J'arrive quand même à Malte après avoir subi l'effet bien connu des marins de l'île qui recule au fur et à mesure que l'on avance ?... Tu l'aperçois à l'horizon, à portée de main, et six heures plus tard tu n'y es toujours pas... Puis tu vois l'entrée du port au coucher du soleil mais tu n'y arrive que quand il fait noir, ce que tu voulais éviter à tout prix!... Une fois de plus c'est ce qui s'est passé. Mais même de nuit l'entrée dans le port de La Valette est majestueuse. Ses vieux remparts, ses fortins, ses châteaux, ses vieilles pierres empilées par les templiers, quel ressenti!... Je me suis senti privilégié de manger mon poisson arrosé d'un petit vin blanc en écoutant radio classique Malte dans ces lieux imbibés d'histoire... et le flash météo annonçant les premières neiges en France alors que mon thermomètre affiche 17° ce soir!...

Vendredi 26 novembre

Le jour se lève sur le Grand Port où la nuit fut très tranquille. Magnifique, le cœur de cette cité historique!... On comprend qu'il a toujours été un haut lieu stratégique, au cœur de la méditerranée, entre Rome et Carthage, l’Europe et l’Afrique. C'est un véritable port naturel à nombreuses ramification où une flotte armée peut se protéger de tous temps. SMS à Andrew qui m'attend au point de rendez-vous. Il m'indique une place où je peux rester sans payer (dans la marina, c'est 19€ la nuit...).

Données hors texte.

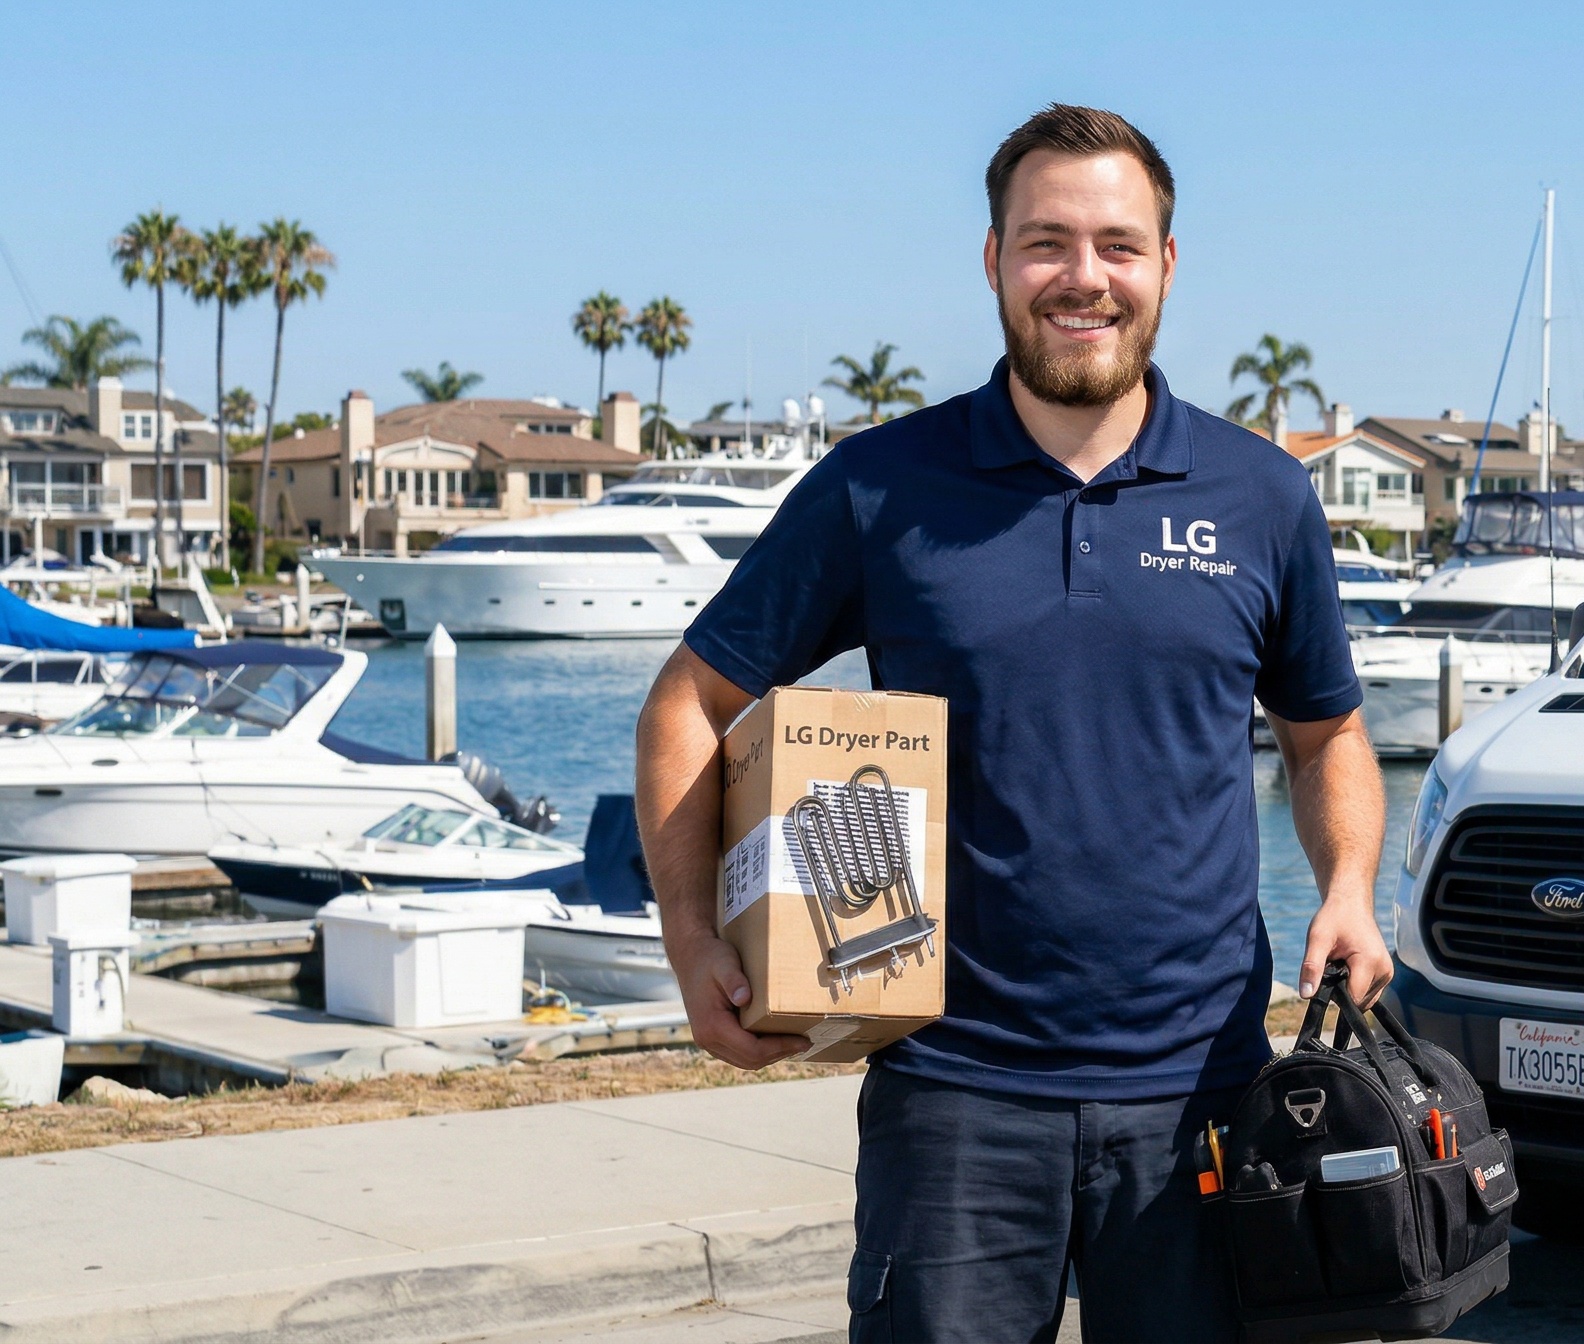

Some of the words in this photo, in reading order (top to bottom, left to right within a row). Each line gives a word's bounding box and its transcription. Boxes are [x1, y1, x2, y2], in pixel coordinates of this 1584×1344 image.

Heureuses retrouvailles; on s'est à peine rencontré à Bizerte, quelques heures seulement, je l'ai aidé pour ses formalités avec les douaniers, pris en photo sur son étrange catamaran Wahren, envoyé les photos par mail, mais la sympathie est là, on se retrouve comme de vieux amis?.... Je pense que je vais faire une longue halte à Malte...

Lundi 6 décembre 2010.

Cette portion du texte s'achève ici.